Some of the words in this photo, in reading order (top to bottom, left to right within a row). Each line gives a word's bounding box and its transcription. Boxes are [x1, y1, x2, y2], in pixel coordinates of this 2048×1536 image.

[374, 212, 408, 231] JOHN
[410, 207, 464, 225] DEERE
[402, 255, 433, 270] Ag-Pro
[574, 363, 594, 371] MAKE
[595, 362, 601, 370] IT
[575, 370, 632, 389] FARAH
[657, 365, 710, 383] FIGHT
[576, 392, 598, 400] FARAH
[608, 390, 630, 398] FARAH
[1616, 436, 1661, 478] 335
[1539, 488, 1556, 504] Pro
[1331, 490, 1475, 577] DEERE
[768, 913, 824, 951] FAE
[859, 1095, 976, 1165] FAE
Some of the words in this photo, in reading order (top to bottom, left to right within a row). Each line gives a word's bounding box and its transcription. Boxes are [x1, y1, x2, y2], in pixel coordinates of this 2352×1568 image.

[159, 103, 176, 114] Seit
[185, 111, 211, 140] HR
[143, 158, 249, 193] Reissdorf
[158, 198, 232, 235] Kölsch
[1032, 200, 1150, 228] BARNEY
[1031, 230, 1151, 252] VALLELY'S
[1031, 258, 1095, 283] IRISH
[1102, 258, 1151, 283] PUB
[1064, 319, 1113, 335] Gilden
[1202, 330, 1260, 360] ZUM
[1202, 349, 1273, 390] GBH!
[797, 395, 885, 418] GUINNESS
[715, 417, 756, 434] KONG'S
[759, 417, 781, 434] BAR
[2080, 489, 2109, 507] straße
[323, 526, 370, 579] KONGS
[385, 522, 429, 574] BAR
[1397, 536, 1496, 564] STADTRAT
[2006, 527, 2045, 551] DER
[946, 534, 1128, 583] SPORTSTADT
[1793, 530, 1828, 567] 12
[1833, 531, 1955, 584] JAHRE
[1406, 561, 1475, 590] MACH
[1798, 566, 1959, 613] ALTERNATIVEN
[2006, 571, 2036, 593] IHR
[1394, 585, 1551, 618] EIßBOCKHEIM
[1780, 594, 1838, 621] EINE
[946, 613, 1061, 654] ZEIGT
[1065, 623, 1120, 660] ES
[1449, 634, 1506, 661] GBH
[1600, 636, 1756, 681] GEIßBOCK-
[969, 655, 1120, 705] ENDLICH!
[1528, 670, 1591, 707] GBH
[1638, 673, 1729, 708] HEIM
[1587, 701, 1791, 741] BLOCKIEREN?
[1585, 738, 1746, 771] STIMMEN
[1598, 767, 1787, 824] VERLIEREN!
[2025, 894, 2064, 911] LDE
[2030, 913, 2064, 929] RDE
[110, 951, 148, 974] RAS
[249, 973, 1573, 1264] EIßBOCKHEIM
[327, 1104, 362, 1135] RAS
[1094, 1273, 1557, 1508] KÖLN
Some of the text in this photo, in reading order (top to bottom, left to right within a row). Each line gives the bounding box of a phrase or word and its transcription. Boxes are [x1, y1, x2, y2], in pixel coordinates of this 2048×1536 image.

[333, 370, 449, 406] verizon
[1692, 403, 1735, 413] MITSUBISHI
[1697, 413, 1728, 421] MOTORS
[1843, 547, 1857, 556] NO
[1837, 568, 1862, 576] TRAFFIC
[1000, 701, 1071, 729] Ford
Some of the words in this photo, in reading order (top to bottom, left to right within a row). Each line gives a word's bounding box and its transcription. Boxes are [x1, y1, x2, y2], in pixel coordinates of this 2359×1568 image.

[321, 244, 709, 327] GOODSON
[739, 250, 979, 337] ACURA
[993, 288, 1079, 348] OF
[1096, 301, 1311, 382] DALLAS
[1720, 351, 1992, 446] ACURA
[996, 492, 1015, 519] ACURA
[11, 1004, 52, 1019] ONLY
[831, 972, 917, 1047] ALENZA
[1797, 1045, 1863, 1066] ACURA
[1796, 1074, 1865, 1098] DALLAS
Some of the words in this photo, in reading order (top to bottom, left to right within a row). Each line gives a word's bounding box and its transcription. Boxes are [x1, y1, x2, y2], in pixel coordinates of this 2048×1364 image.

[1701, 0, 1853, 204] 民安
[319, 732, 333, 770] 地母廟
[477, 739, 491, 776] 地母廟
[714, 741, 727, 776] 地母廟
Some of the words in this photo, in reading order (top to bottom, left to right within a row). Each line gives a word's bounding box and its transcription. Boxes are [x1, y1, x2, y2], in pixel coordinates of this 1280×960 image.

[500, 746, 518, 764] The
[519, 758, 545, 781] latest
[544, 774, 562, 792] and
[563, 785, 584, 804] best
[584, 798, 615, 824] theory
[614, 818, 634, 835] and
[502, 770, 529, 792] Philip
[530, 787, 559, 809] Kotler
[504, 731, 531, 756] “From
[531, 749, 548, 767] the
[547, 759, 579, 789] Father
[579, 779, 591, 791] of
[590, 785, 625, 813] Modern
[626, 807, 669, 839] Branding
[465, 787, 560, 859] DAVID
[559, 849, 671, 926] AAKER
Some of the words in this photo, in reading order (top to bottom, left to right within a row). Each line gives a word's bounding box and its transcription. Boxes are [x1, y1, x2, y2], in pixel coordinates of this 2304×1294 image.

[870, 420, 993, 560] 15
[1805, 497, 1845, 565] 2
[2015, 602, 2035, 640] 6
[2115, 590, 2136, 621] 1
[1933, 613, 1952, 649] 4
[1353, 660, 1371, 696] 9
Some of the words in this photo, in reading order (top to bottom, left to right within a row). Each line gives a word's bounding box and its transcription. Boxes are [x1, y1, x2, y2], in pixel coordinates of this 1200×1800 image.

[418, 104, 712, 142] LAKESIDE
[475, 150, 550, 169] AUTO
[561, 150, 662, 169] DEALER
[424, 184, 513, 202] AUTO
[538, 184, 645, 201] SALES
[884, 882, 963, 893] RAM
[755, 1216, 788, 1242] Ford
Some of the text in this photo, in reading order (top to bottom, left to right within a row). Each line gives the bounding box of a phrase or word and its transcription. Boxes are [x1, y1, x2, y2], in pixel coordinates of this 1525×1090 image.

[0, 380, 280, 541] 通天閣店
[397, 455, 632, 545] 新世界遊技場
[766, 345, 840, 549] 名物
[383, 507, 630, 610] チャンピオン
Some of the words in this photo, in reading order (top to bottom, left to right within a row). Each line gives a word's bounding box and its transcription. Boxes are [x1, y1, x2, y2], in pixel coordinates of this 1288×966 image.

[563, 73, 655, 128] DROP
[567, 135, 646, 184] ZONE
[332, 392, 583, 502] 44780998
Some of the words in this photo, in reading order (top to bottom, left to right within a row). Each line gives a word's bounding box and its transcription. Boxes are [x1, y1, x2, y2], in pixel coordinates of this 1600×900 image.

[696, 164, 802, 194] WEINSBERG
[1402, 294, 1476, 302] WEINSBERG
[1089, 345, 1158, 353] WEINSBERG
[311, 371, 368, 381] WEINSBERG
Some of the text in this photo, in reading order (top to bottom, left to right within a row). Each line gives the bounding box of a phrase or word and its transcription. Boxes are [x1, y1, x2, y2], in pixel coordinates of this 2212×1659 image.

• • • • •

→ Assignment:
What this exercise asks for is the data above, retyped exactly.

→ Answer area:
Some of the words in this photo, in reading order (top to bottom, left to right within a row). Each line gives a word's bounding box and its transcription. Boxes are [x1, y1, x2, y2], in pixel coordinates of this 2048×1536 image.

[374, 212, 408, 231] JOHN
[410, 207, 464, 225] DEERE
[402, 255, 433, 270] Ag-Pro
[574, 363, 594, 371] MAKE
[595, 362, 601, 370] IT
[575, 370, 632, 389] FARAH
[657, 365, 710, 383] FIGHT
[576, 392, 598, 400] FARAH
[608, 390, 630, 398] FARAH
[1616, 436, 1661, 478] 335
[1539, 488, 1556, 504] Pro
[1331, 490, 1475, 577] DEERE
[768, 913, 824, 951] FAE
[859, 1095, 976, 1165] FAE
Some of the words in this photo, in reading order (top to bottom, left to right within a row). Each line gives a word's bounding box and its transcription. Boxes are [x1, y1, x2, y2], in pixel coordinates of this 2352×1568 image.

[159, 103, 176, 114] Seit
[185, 111, 211, 140] HR
[143, 158, 249, 193] Reissdorf
[158, 198, 232, 235] Kölsch
[1032, 200, 1150, 228] BARNEY
[1031, 230, 1151, 252] VALLELY'S
[1031, 258, 1095, 283] IRISH
[1102, 258, 1151, 283] PUB
[1064, 319, 1113, 335] Gilden
[1202, 330, 1260, 360] ZUM
[1202, 349, 1273, 390] GBH!
[797, 395, 885, 418] GUINNESS
[715, 417, 756, 434] KONG'S
[759, 417, 781, 434] BAR
[2080, 489, 2109, 507] straße
[323, 526, 370, 579] KONGS
[385, 522, 429, 574] BAR
[1397, 536, 1496, 564] STADTRAT
[2006, 527, 2045, 551] DER
[946, 534, 1128, 583] SPORTSTADT
[1793, 530, 1828, 567] 12
[1833, 531, 1955, 584] JAHRE
[1406, 561, 1475, 590] MACH
[1798, 566, 1959, 613] ALTERNATIVEN
[2006, 571, 2036, 593] IHR
[1394, 585, 1551, 618] EIßBOCKHEIM
[1780, 594, 1838, 621] EINE
[946, 613, 1061, 654] ZEIGT
[1065, 623, 1120, 660] ES
[1449, 634, 1506, 661] GBH
[1600, 636, 1756, 681] GEIßBOCK-
[969, 655, 1120, 705] ENDLICH!
[1528, 670, 1591, 707] GBH
[1638, 673, 1729, 708] HEIM
[1587, 701, 1791, 741] BLOCKIEREN?
[1585, 738, 1746, 771] STIMMEN
[1598, 767, 1787, 824] VERLIEREN!
[2025, 894, 2064, 911] LDE
[2030, 913, 2064, 929] RDE
[110, 951, 148, 974] RAS
[249, 973, 1573, 1264] EIßBOCKHEIM
[327, 1104, 362, 1135] RAS
[1094, 1273, 1557, 1508] KÖLN
Some of the text in this photo, in reading order (top to bottom, left to right within a row). Each line gives the bounding box of a phrase or word and its transcription. Boxes are [x1, y1, x2, y2], in pixel coordinates of this 2048×1536 image.

[333, 370, 449, 406] verizon
[1692, 403, 1735, 413] MITSUBISHI
[1697, 413, 1728, 421] MOTORS
[1843, 547, 1857, 556] NO
[1837, 568, 1862, 576] TRAFFIC
[1000, 701, 1071, 729] Ford
Some of the words in this photo, in reading order (top to bottom, left to right within a row). Each line gives a word's bounding box and its transcription. Boxes are [x1, y1, x2, y2], in pixel coordinates of this 2359×1568 image.

[321, 244, 709, 327] GOODSON
[739, 250, 979, 337] ACURA
[993, 288, 1079, 348] OF
[1096, 301, 1311, 382] DALLAS
[1720, 351, 1992, 446] ACURA
[996, 492, 1015, 519] ACURA
[11, 1004, 52, 1019] ONLY
[831, 972, 917, 1047] ALENZA
[1797, 1045, 1863, 1066] ACURA
[1796, 1074, 1865, 1098] DALLAS
Some of the words in this photo, in reading order (top to bottom, left to right within a row). Each line gives a word's bounding box and its transcription. Boxes are [x1, y1, x2, y2], in pixel coordinates of this 2048×1364 image.

[1701, 0, 1853, 204] 民安
[319, 732, 333, 770] 地母廟
[477, 739, 491, 776] 地母廟
[714, 741, 727, 776] 地母廟
Some of the words in this photo, in reading order (top to bottom, left to right within a row). Each line gives a word's bounding box and its transcription. Boxes are [x1, y1, x2, y2], in pixel coordinates of this 1280×960 image.

[500, 746, 518, 764] The
[519, 758, 545, 781] latest
[544, 774, 562, 792] and
[563, 785, 584, 804] best
[584, 798, 615, 824] theory
[614, 818, 634, 835] and
[502, 770, 529, 792] Philip
[530, 787, 559, 809] Kotler
[504, 731, 531, 756] “From
[531, 749, 548, 767] the
[547, 759, 579, 789] Father
[579, 779, 591, 791] of
[590, 785, 625, 813] Modern
[626, 807, 669, 839] Branding
[465, 787, 560, 859] DAVID
[559, 849, 671, 926] AAKER
Some of the words in this photo, in reading order (top to bottom, left to right within a row). Each line gives a word's bounding box and its transcription. Boxes are [x1, y1, x2, y2], in pixel coordinates of this 2304×1294 image.

[870, 420, 993, 560] 15
[1805, 497, 1845, 565] 2
[2015, 602, 2035, 640] 6
[2115, 590, 2136, 621] 1
[1933, 613, 1952, 649] 4
[1353, 660, 1371, 696] 9
Some of the words in this photo, in reading order (top to bottom, left to right within a row). Each line gives a word's bounding box and its transcription. Boxes are [x1, y1, x2, y2], in pixel coordinates of this 1200×1800 image.

[418, 104, 712, 142] LAKESIDE
[475, 150, 550, 169] AUTO
[561, 150, 662, 169] DEALER
[424, 184, 513, 202] AUTO
[538, 184, 645, 201] SALES
[884, 882, 963, 893] RAM
[755, 1216, 788, 1242] Ford
Some of the text in this photo, in reading order (top to bottom, left to right within a row). Each line gives the bounding box of a phrase or word and its transcription. Boxes are [x1, y1, x2, y2], in pixel coordinates of this 1525×1090 image.

[0, 380, 280, 541] 通天閣店
[397, 455, 632, 545] 新世界遊技場
[766, 345, 840, 549] 名物
[383, 507, 630, 610] チャンピオン
Some of the words in this photo, in reading order (top to bottom, left to right within a row). Each line gives a word's bounding box and its transcription. Boxes are [x1, y1, x2, y2], in pixel coordinates of this 1288×966 image.

[563, 73, 655, 128] DROP
[567, 135, 646, 184] ZONE
[332, 392, 583, 502] 44780998
Some of the words in this photo, in reading order (top to bottom, left to right within a row). Each line gives a word's bounding box and its transcription. Boxes are [x1, y1, x2, y2], in pixel coordinates of this 1600×900 image.

[696, 164, 802, 194] WEINSBERG
[1402, 294, 1476, 302] WEINSBERG
[1089, 345, 1158, 353] WEINSBERG
[311, 371, 368, 381] WEINSBERG
Some of the text in this photo, in reading order (top to bottom, left to right within a row). Each line gives the bounding box of a phrase or word and its transcription. Boxes are [x1, y1, x2, y2], in pixel coordinates of this 2212×1659 image.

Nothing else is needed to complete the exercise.